殿下怎么不说话?
    顾钦辞眉头皱得紧,仄痕便像一座冰峰,冷冽神情下吐出的每个字眼都成了堆积冰棱的雪。他最难以忍受宁扶疏缄默不言,得不到回答的人会陷入自己圈画的牢笼桎梏里,思绪在暗无天日中轮回,为求寻答案愈渐疯魔。
    其实臣早看出来,您不就喜欢相貌俊美的吗。只要姿容能入眼的,再洗干净些,任谁都来者不拒。

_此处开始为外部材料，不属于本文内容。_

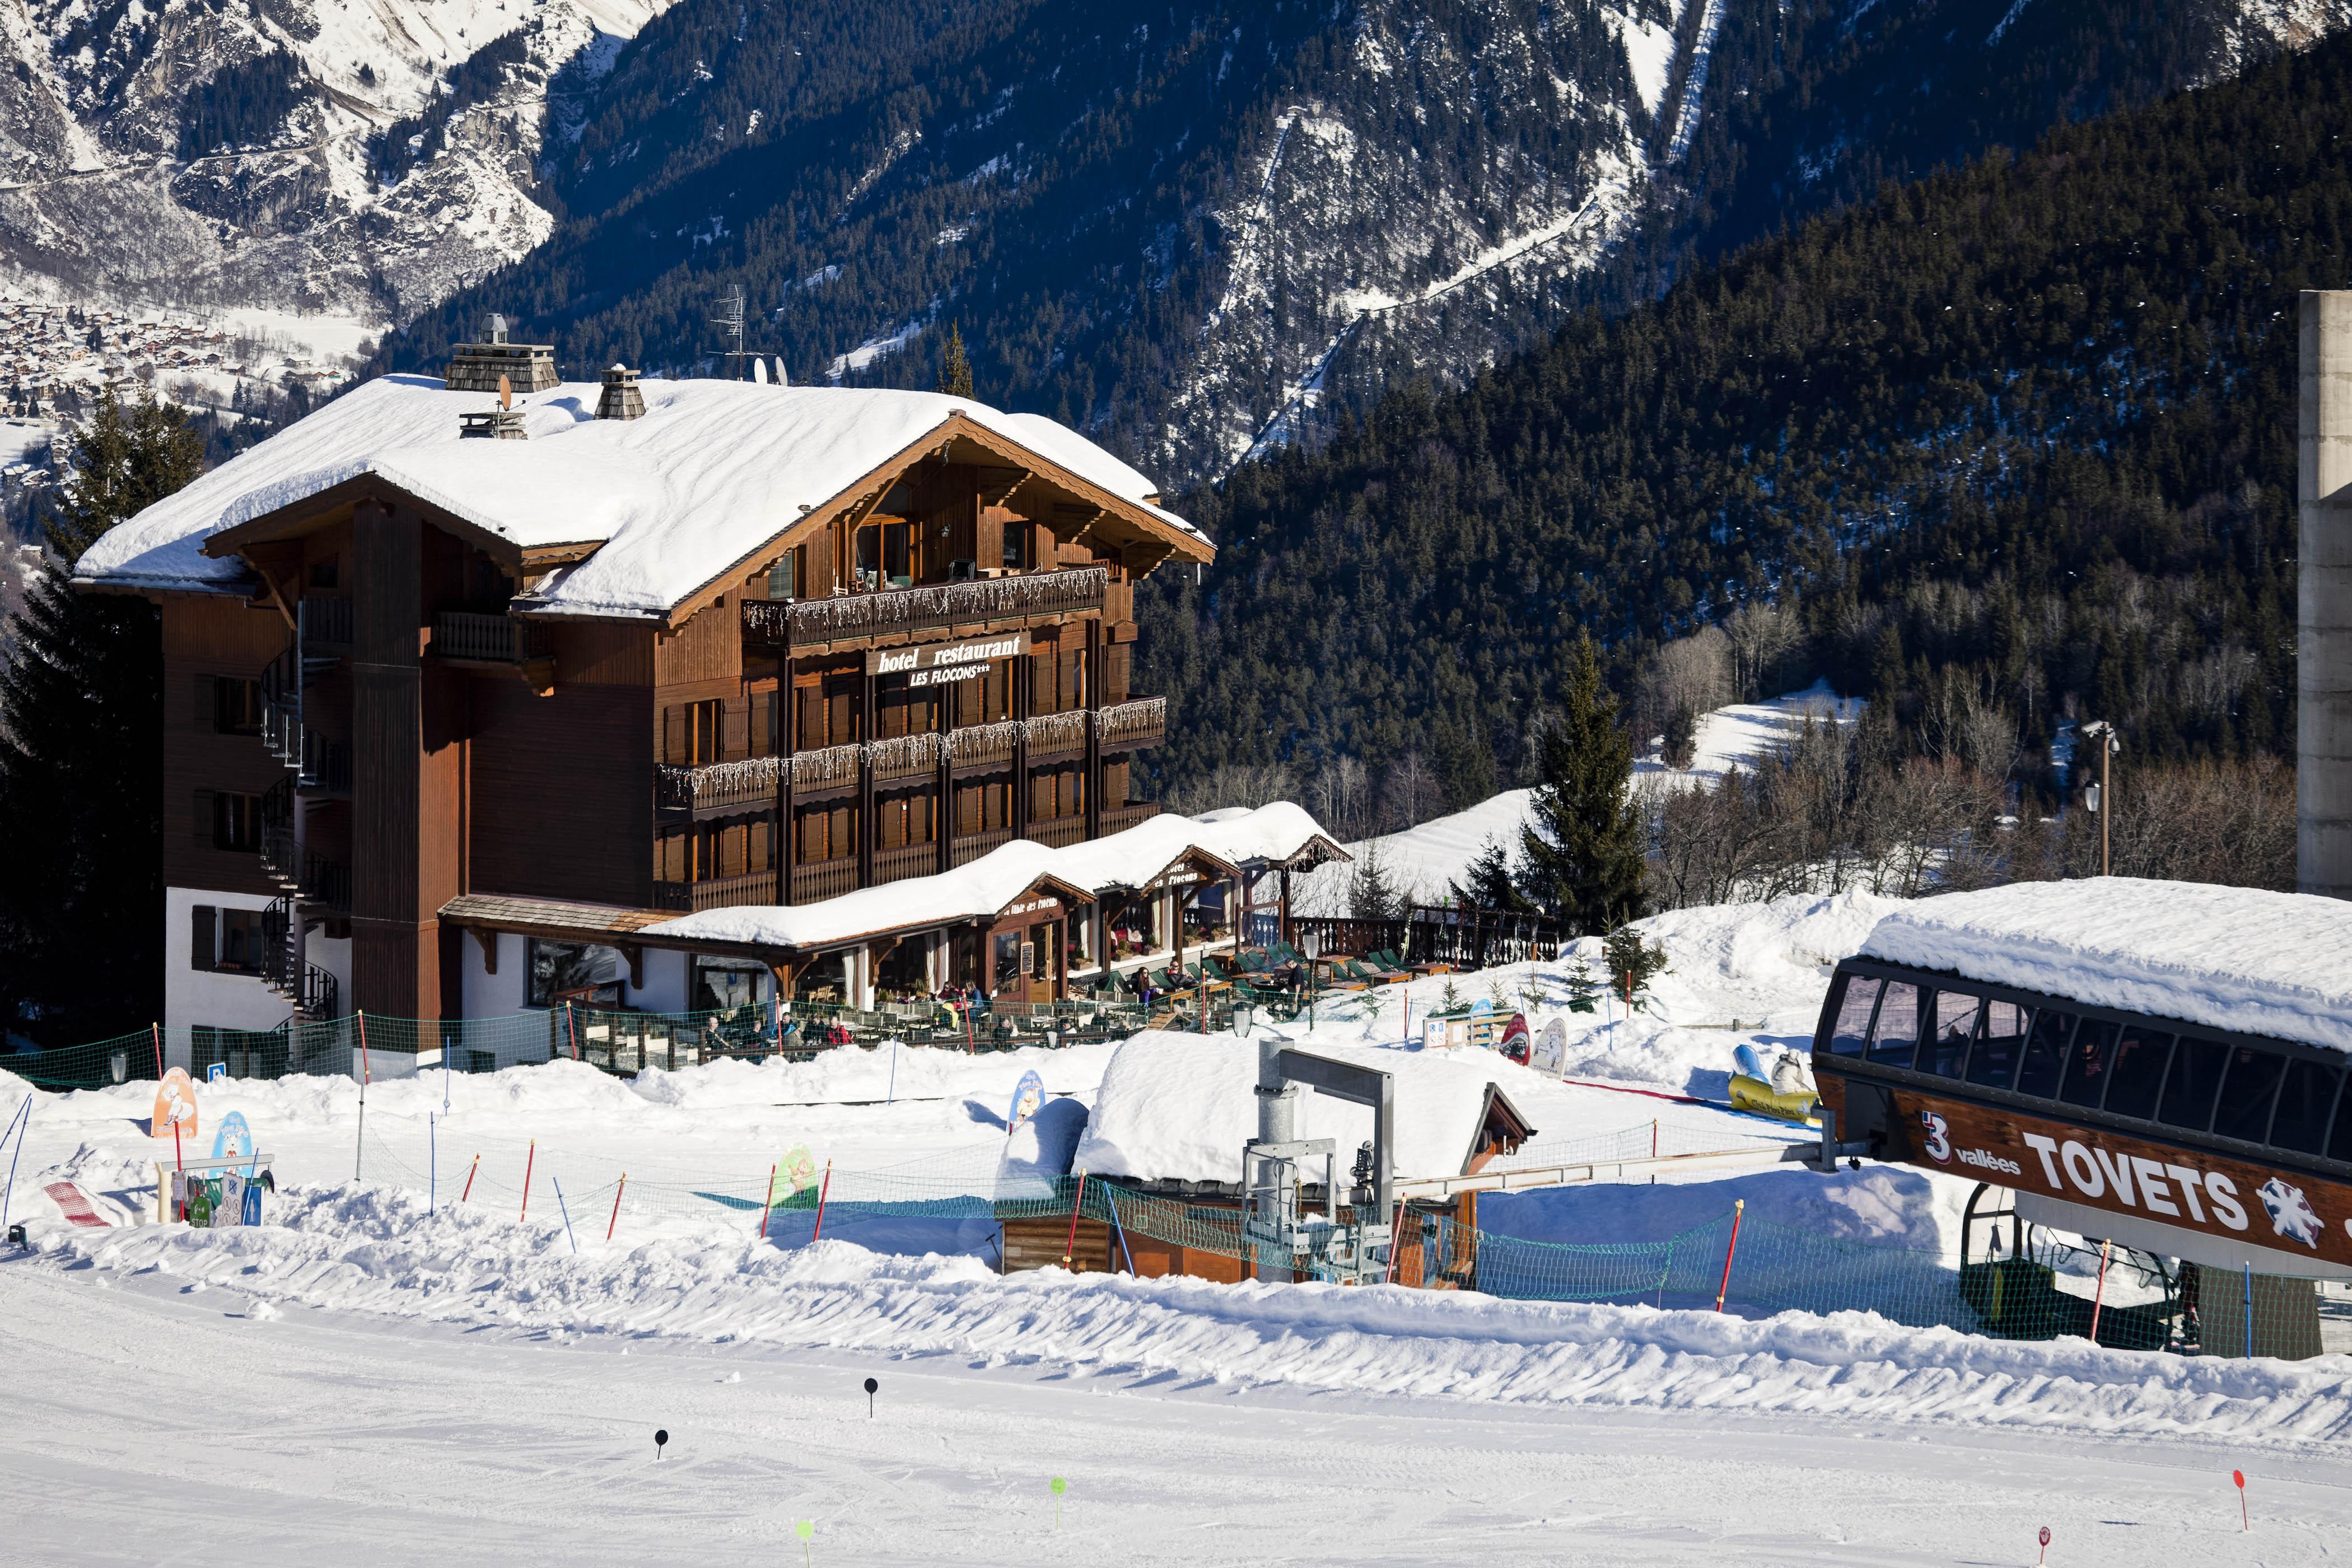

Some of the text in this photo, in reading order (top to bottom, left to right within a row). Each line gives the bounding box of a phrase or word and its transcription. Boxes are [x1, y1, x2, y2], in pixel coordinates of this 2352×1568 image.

[878, 636, 1021, 673] hotel restaurant
[909, 672, 928, 687] LES
[1026, 902, 1036, 912] des
[1922, 1110, 2022, 1175] 3 vallées
[2023, 1132, 2249, 1230] TOVETS
[192, 1217, 208, 1227] STOP

他又将宁扶疏朝自己拉近了几分,鼻尖相抵,那您看看臣,这张皮相现在对您投怀送抱了,您要不要?
    翘挺的鼻头相互压着对方的,不同频率的呼吸深深浅浅摩擦着。
    眼前俊颜无限放大,反倒虚化成了波澜晃动地光晕,看不清晰。
    宁扶疏不禁蹙眉:你先冷静一点
    顾钦辞仿佛没听见一般,腾空的另一只手三两下解开腰间绶带,紫金环扣砸在地面。半空中闷响回荡,尖锐刺入耳朵。
    他继续扯动玄袍衣襟。
    夹袄、中衣、亵衣
    那双极擅提剑抚琴的手脱起衣裳来似也有得天独厚的优势。
    这样的臣,这样的皮囊,您要不要?顷刻间,锦缎已松松垮垮挂在肩头。他执着逼问:你肯不肯要?

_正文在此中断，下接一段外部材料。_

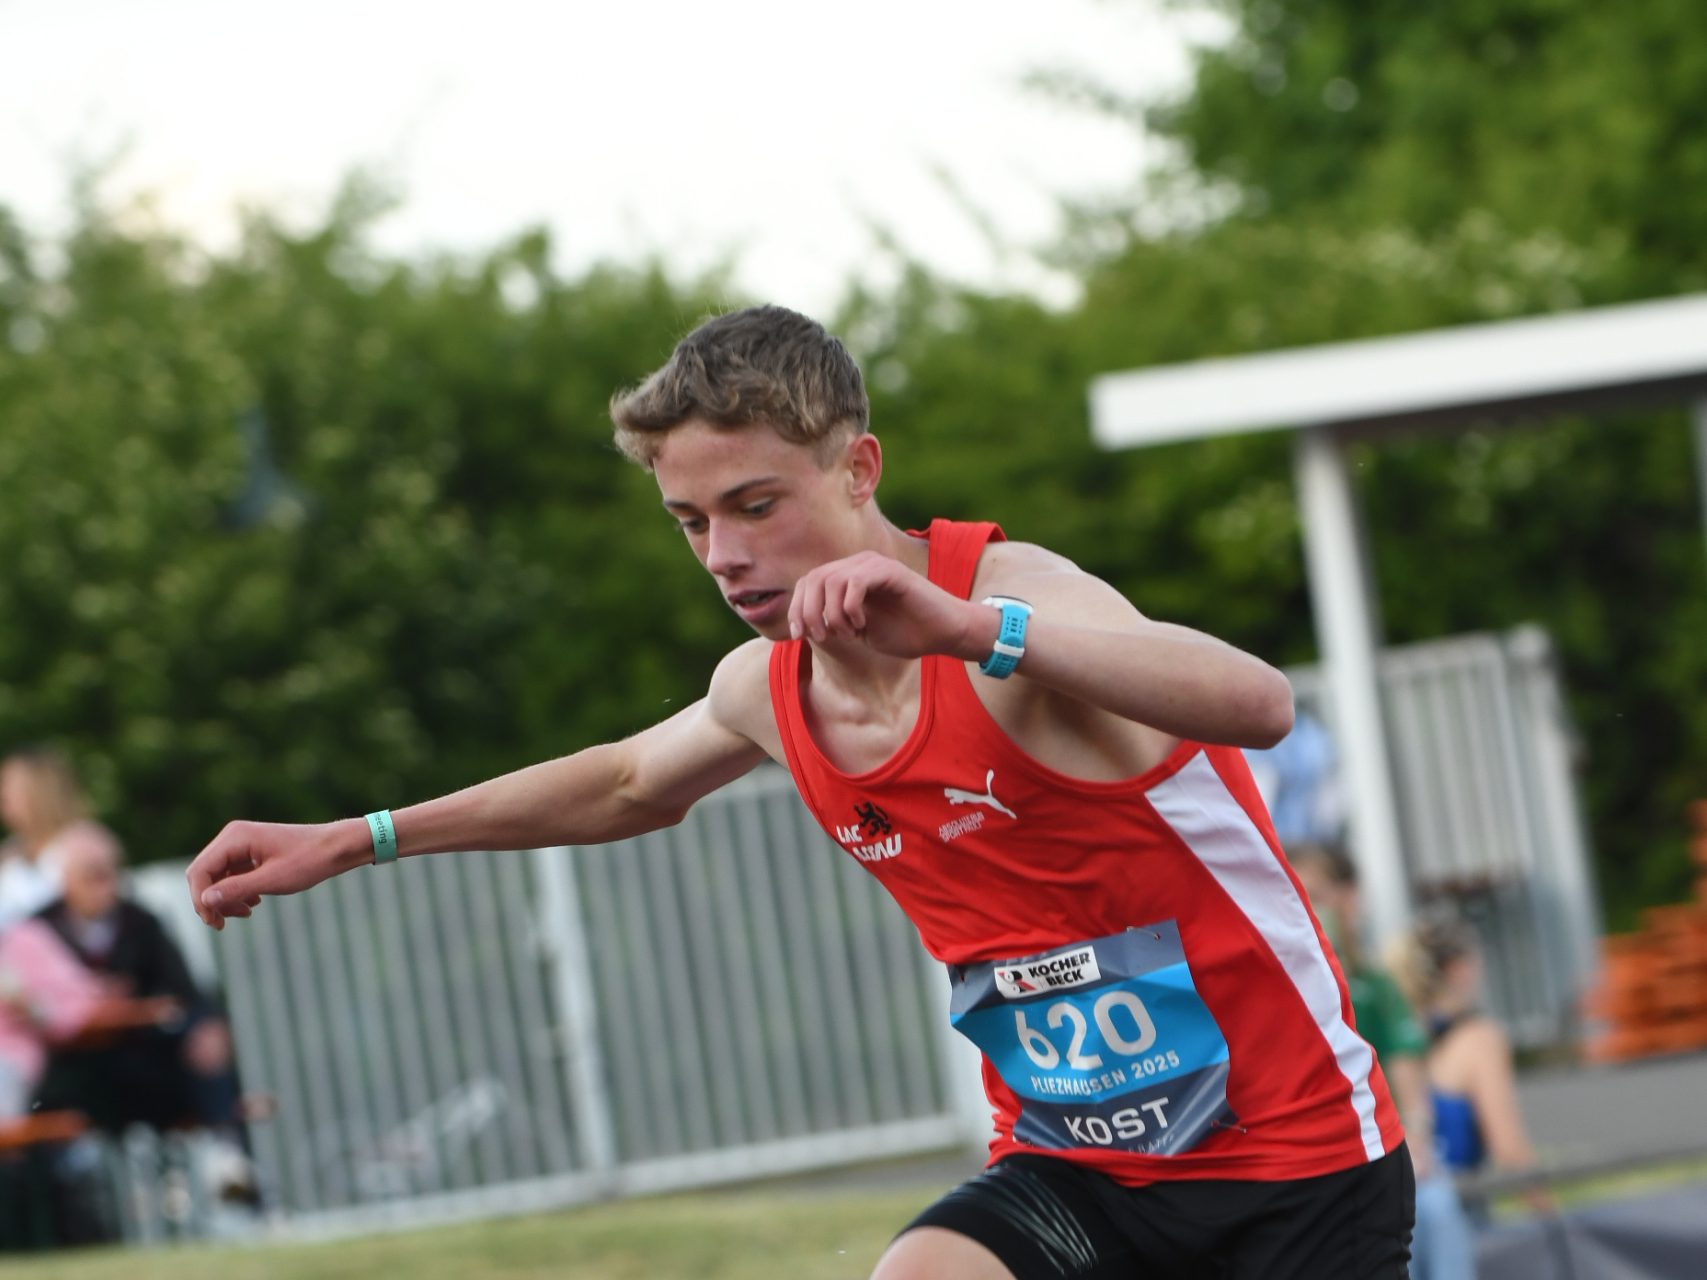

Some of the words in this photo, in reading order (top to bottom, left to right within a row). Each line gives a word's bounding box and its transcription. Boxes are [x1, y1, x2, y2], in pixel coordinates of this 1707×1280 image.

[1028, 952, 1091, 978] KOCHER
[1045, 969, 1085, 986] BECK
[1014, 990, 1157, 1071] 620
[1030, 1069, 1127, 1096] PLIEZHAUSEN
[1131, 1050, 1180, 1079] 2025
[1064, 1097, 1169, 1145] KOST

    地上两只蠢笨鹦鹉弄不清笼外是何状况,只觉得自己的小脑瓜子聪明又机灵,听多了某个词后,忍不住欢喜雀跃地模仿学舌:要不要要不要要不要
    耳畔聒噪饶人心神。
    宁扶疏被顾钦辞压着下巴垂眸,一片敞开的白皙蓦地映入眼帘,隐约可见数道深于肤色的旧伤疤纵横交错,和美观沾不上边。她却倏尔视线微顿,无端生出几分酸楚。

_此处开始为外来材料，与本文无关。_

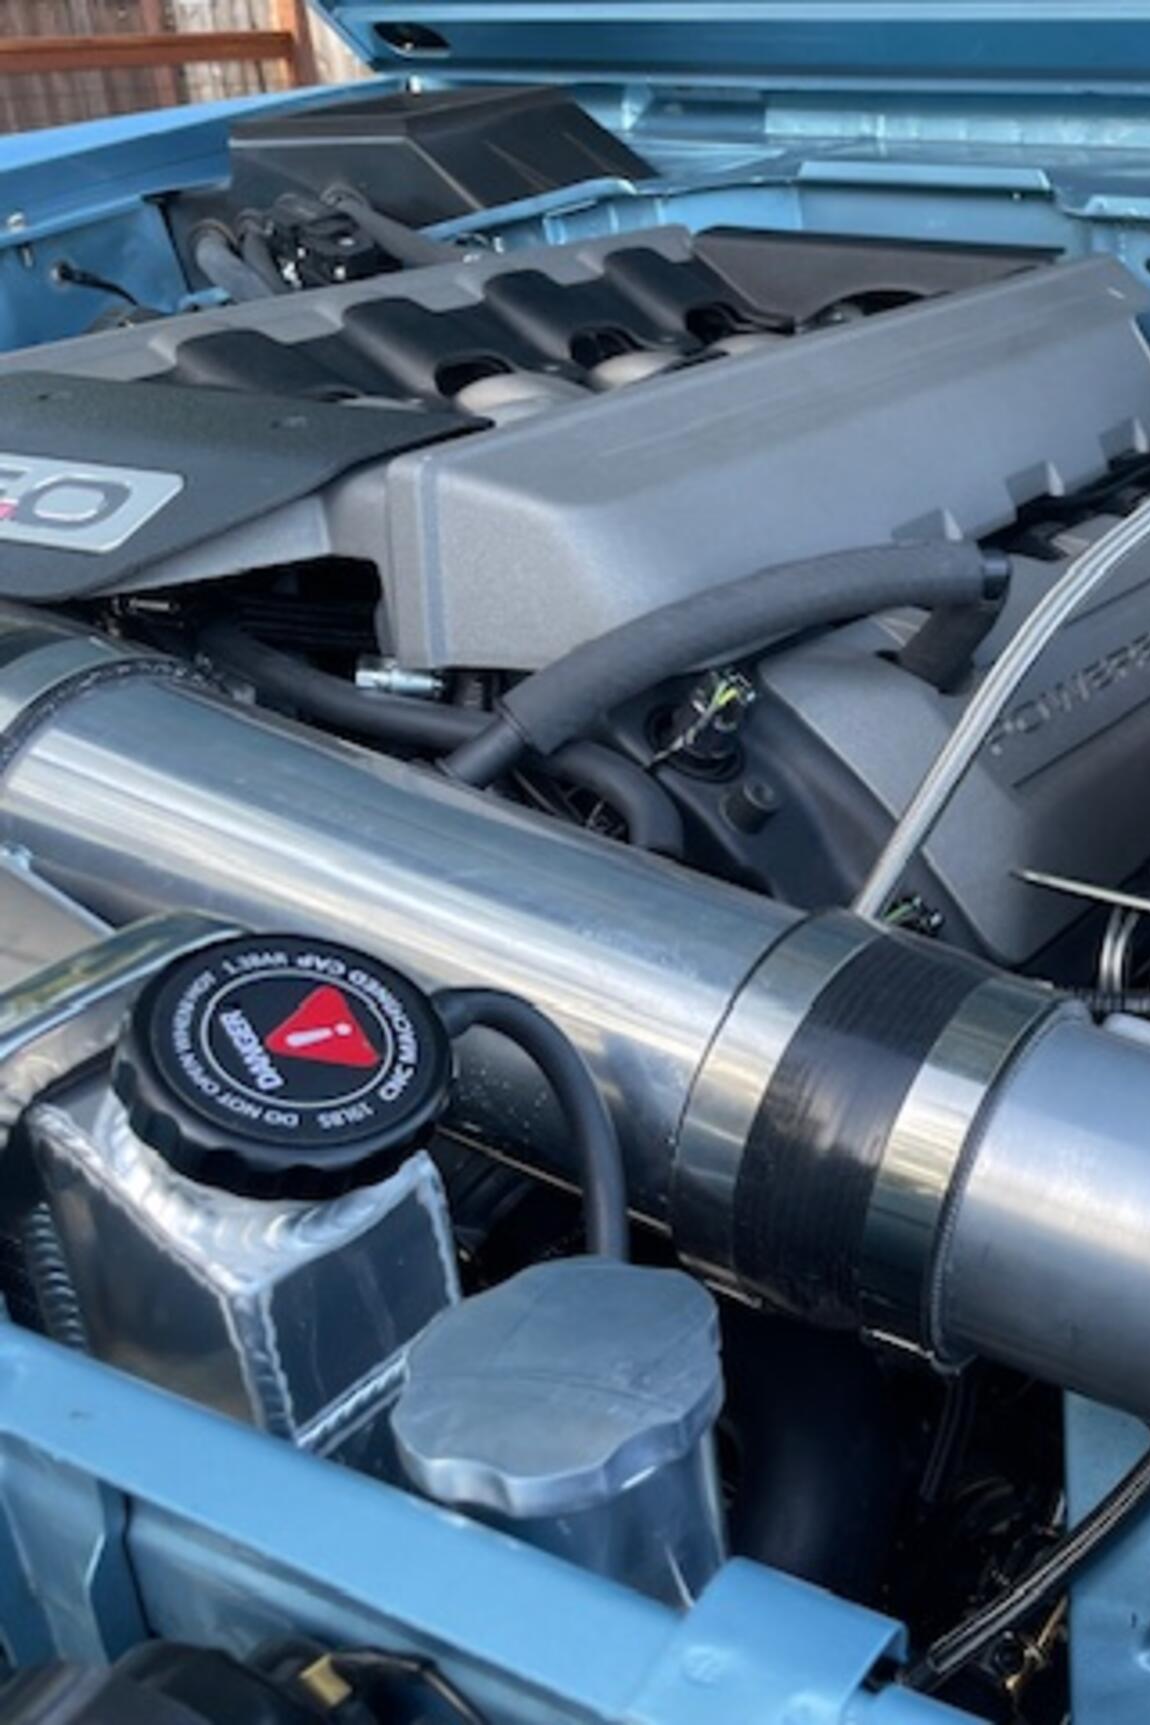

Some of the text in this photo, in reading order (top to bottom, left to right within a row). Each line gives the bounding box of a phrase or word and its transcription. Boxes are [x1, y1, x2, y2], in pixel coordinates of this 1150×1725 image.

    顾钦辞手中动作还在粗暴地继续,口中质问也偏执地没有停歇,平素凸显他端方的玄袍最先丢盔卸甲地褪去。
    宁扶疏看着他,一瞬间,忽然有个荒谬的词浮上心头:因爱生恨。
    许久以来淤积胸膛的迷雾,仿佛在这晌字字铿锵的质问中得到了鼓舞,层层散开。她一把按住顾钦辞暴起青筋的手臂,小心地开口:顾钦辞,你是不是
    喜欢我?
    如一颗石子丢入湖水,溅起无数水花。
    比顾钦辞先反应过来的是两只蓝牡丹鹦鹉,听到喜欢一词,立马条件反射想起面前这个男主人教过它们的话。不再学是不是了,邀功似的摇摇晃晃摆动起脑袋。
    长公主殿下和熙平侯琴瑟和鸣,永结同心!琴瑟和鸣,永结同心!
    宁扶疏:
    暧昧的、庄重的、彼此都屏气凝神的气氛倏然被破坏。
    顾钦辞疯入魔怔,这晌也徐徐回神。他手指怔在衣领处,惊诧过望竟是愣愣看着宁扶疏,问了句:什么?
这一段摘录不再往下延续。